こんにちは、Deep Learningスタートアップでマーケターをしています、MARINA(@m__sb04)です。
最近考えていることがありまして、全然解が見つからないというかひとりのスタンスではなく社会全体で考えなければならないので、色んな方の意見を聞きたいと思いこれを書くに至りました。
(※ 一応ですが、SNSやnoteは完全に個人の見解です。)

さて、突然ですが、最近、学校での顔認識技術の活用についていくつか話題になりました。
「スウェーデンの学校で、学生の出欠管理に顔認識ソフトウェアを使用し、GDPR違反で20,000ドル以上の罰金を科された」という欧米でのニュース。

その一方で、
深センの小学校で生徒が顔認証のゲートを通過して校内に入っていく様子が撮影されたり、

南京の中国薬科大学では、教室でMegviiによって開発された顔認識システムを導入して、出席を自動的にチェックし、学生が注意を払っているか、昼寝しているかを報告する、学生が手を挙げた回数を追跡する、などの報道が出ていたり、

といったようにすでに社会実装済みの中国。

また、最近では、アメリカは、中国最大のAIユニコーン企業3社(SenseTime、Megvii、Yitu)を含む8つのハイテク企業をエンティティリスト(禁輸措置対象リスト:米国企業が上場企業と取引する前に政府の許可を求める取引ブラックリスト)に追加したことを発表しています。
裏を返すとブラックリストに追加するほどの威力・影響力を感じているということです。

上記の学校での事例はあくまで一例で、あらゆる場面で、中国は監視社会並みにごりごりデータ取っていて倫理的にどうなんだと話題になったり、逆に欧米ではプライバシーの問題でGDPRで規制が厳しくかかったりしていますが、やり方が良い悪いは置いといて、結局は、社会実験をいち早く・より多く・広範囲に行っているのは中国だと感じており、AI業界において中国の存在感は日々増していると感じています。

例えば、将来もしこのまま開発が進んで、自動運転車の精度が中国製のものが1番良く、人をひく可能性が限りなく低く、安全性が高いですとなったとき、その他自動運転車に限らず、「結局社会は中国製のAIを使わざるを得ない状況になってしまうのではないか、データ量で押し切られてしまうのではないか」という話です。

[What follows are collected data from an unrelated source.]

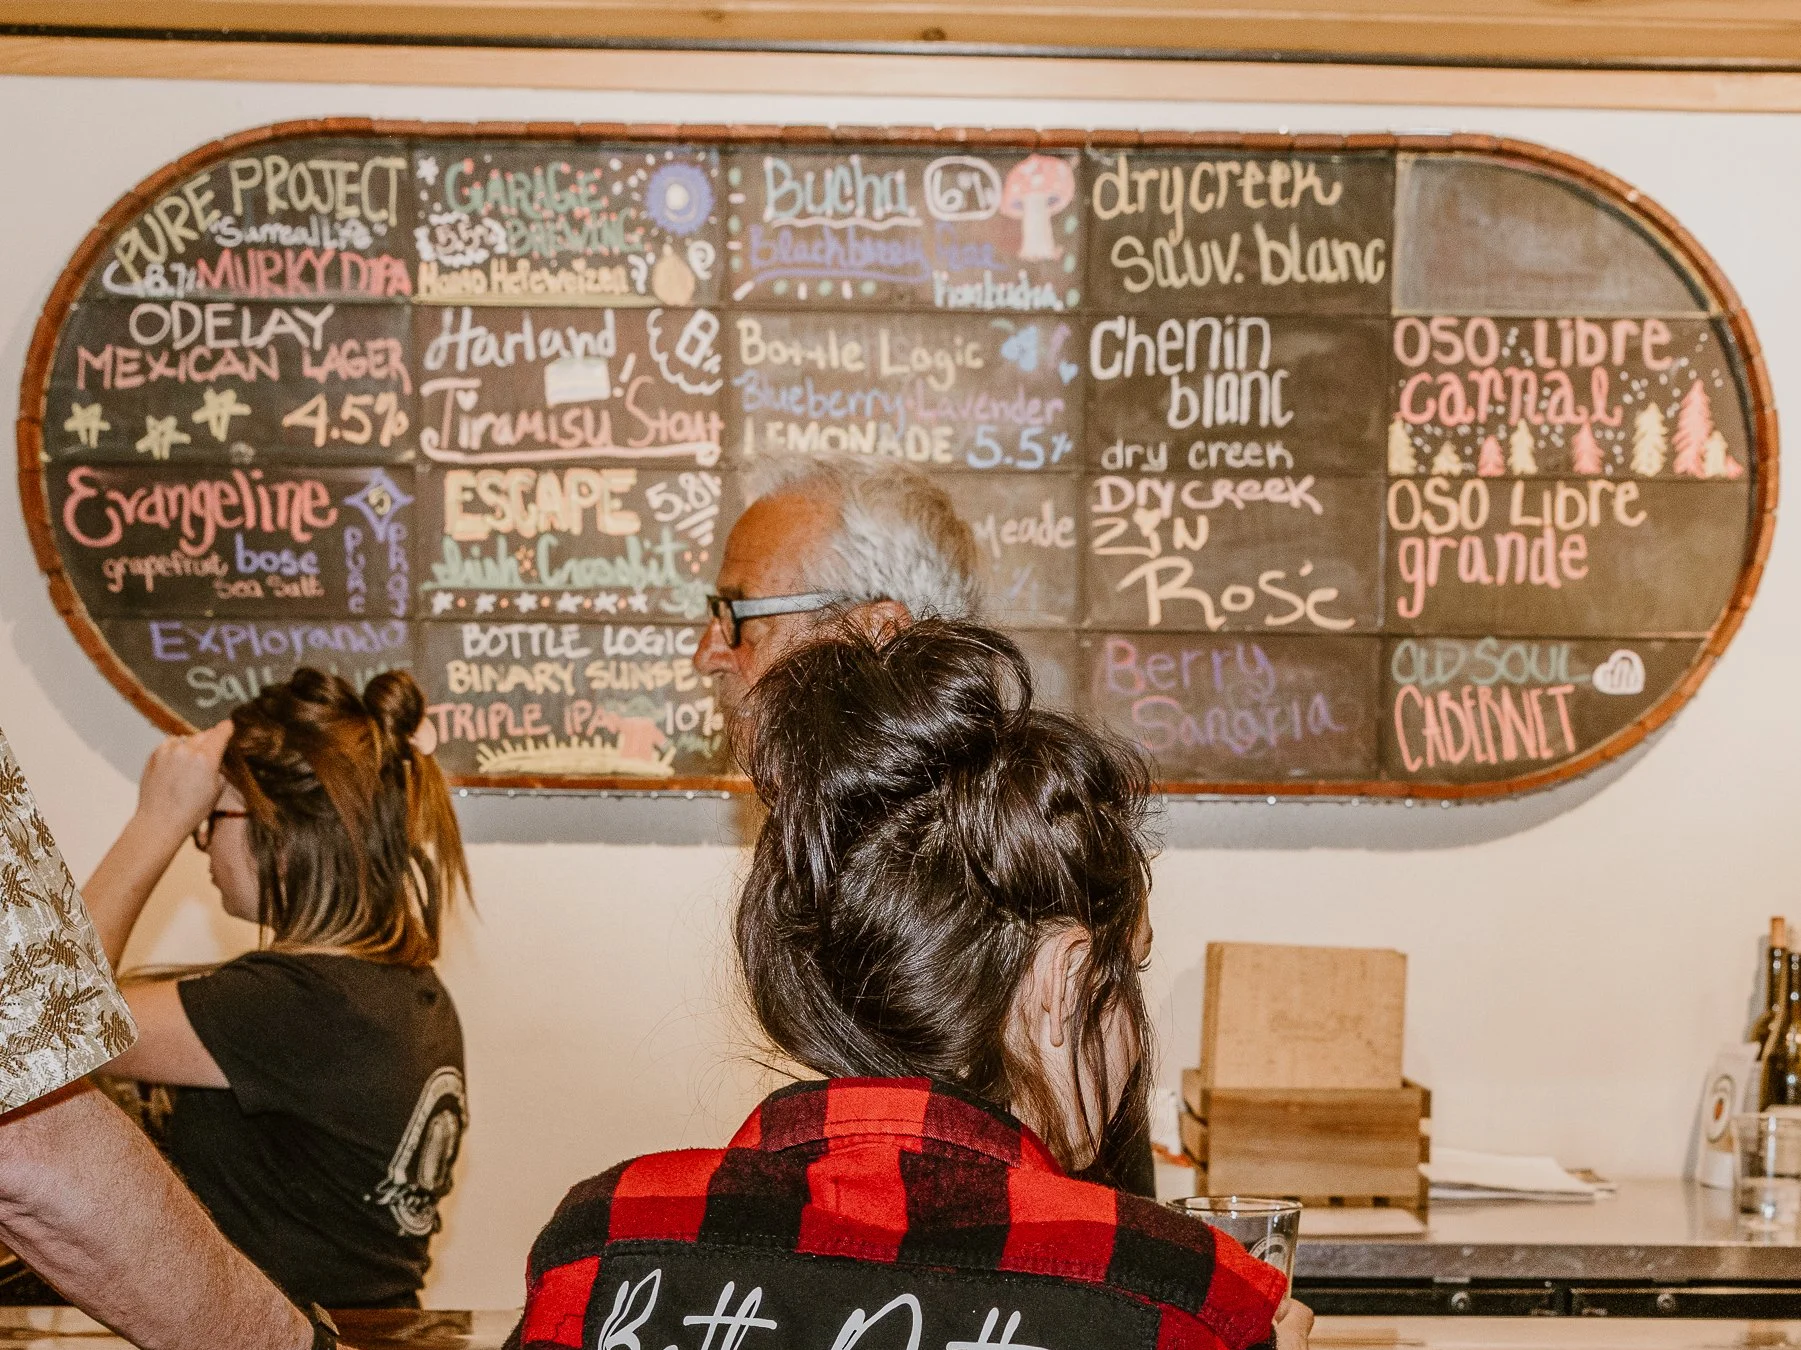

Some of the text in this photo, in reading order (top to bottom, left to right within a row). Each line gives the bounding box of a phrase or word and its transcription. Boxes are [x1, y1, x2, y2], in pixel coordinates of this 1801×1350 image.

[114, 155, 407, 282] PURE PROJECT
[1253, 221, 1387, 286] blanc
[128, 300, 335, 350] ODELAY
[423, 307, 616, 371] Harland
[1089, 314, 1272, 381] Chenin
[1393, 316, 1499, 368] OSO
[77, 338, 413, 395] MEXICAN LAGER
[879, 327, 985, 392] Logic
[732, 368, 1066, 440] Blueberry Lavender
[1166, 368, 1295, 430] blanc
[966, 423, 1074, 470] 5.5%
[1101, 439, 1168, 472] dry
[62, 466, 339, 556] Evangeline
[444, 467, 642, 541] ESCAPE
[1386, 476, 1491, 535] OSO
[1397, 526, 1590, 619] grande
[461, 623, 698, 659] BOTTLE LOGIC
[1104, 637, 1277, 698] Berry
[1391, 636, 1593, 687] OLD SOUL
[446, 659, 577, 695] BINARY
[425, 702, 551, 743] TRIPLE
[563, 699, 620, 736] IPA

(どこがという点はそこまで重要でなく、早期に実証実験をし、データを大量に獲得したところが勝つのではという話です。)

自動運転の場合は、AIによる認識/制御部分だけじゃなく、5Gのインフラや3Dマッピングなど他の技術要素が複雑に絡み合って実現するものなので、一概にAIによる認識/制御部分についてのみ言及するのはどうかという意見もあるとは思いますが、やはり、自動運転の社会浸透に大きく寄与するのは判断を下す頭脳の部分だと思っているので、実環境下で何度もチューニングや追加データで学習を繰り返してというような試行錯誤の工程をより多くできるということは精度に大きく影響しますし、いち早く実証実験ができる・市場投入できるという点は、覇権を取るのに重要な点だと考えています。
※自動運転の場合は、公道を走ることができるかなどの法律面も絡んできます。(もちろん自動運転に限れば、WaymoやUberなどアメリカも進んでいます。また、アルゴリズムの研究開発が強いのは未だアメリカで、データ量以外の方法で精度を高める手法やそもそもデータなしで成功させる事例を作り出すような技術革新を起こすというキラーパスも考えられますが、特に日本にとってはそのわずかな可能性にかけるのは無謀だろうと思います。)

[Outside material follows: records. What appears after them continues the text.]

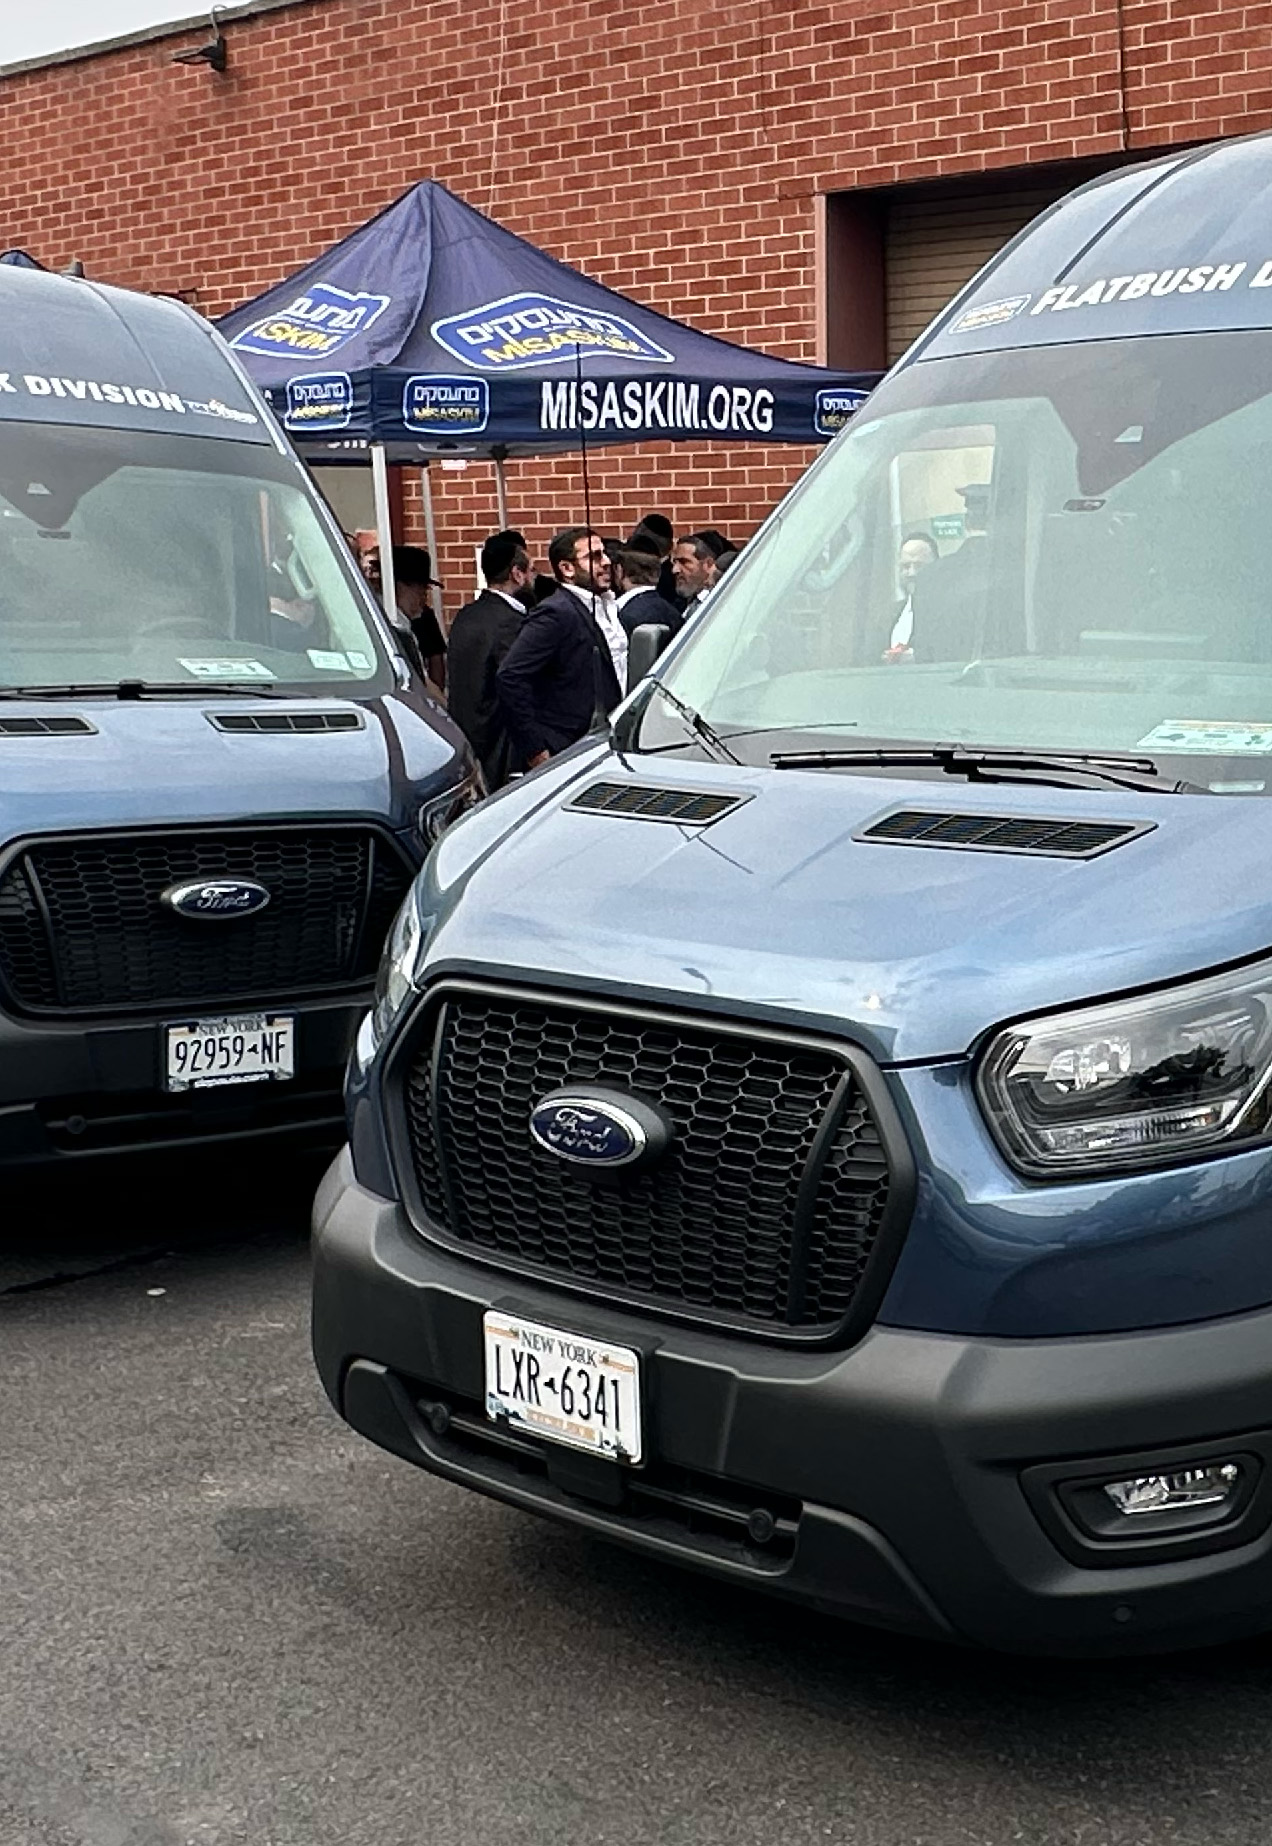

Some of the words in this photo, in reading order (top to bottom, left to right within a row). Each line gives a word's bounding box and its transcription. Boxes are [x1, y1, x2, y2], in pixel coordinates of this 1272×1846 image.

[1030, 262, 1247, 315] FLATBUSH
[23, 375, 186, 413] DIVISION
[540, 381, 775, 432] MISASKIM.ORG
[197, 885, 250, 909] Ford
[230, 1017, 265, 1034] YORK
[521, 1330, 556, 1351] NEW
[554, 1339, 598, 1369] YORK

技術面だけでなく、自動車メーカー全体のブランドや信頼、UI/UXデザインも大事なので一概に技術力だけで押し切られないだろうという方もいるでしょうが、最近のシャオミやファーウェイのプロダクトを見るとそんなことも言ってられないということもわかるでしょう。
現に、中国の自動車メーカーも取り組みを進めています。

■国営の大手自動車集団である第一汽車は、百度と共同でレベル4クラスの自動運転車を開発し、2020年末ごろから量産に乗り出す。(百度と一汽の協業は、トヨタとソフトバンクの提携並みにインパクトがあるニュース)
■ 長安汽車は米カリフォルニア州の公道で実証試験なども行っており、早ければ2020年ごろに無人の自動運転車を実現することとしている。
■ 東風汽車は、AI分野でファーウェイと提携を結んでおり、2022年までに自動運転レベル4を実現する計画を発表している。

そもそもアメリカでは、1人死亡したことにより公道での実証実験が中止になった前例がありますし、何よりも安全性が大事というのは満場一致の意見だと思います。自分もそうだと思います。
> Uberの自動運転車、死亡事故で中断していた公道テストを再開

精度だけでなく、いち早く実証実験する・市場投入するということは、ユーザーのフィードバックをいち早く得られるということなので、どうやったらより利便性が向上するのか、ユーザーの体験がより良くなるのかをいち早く考え改善できるということでもあります。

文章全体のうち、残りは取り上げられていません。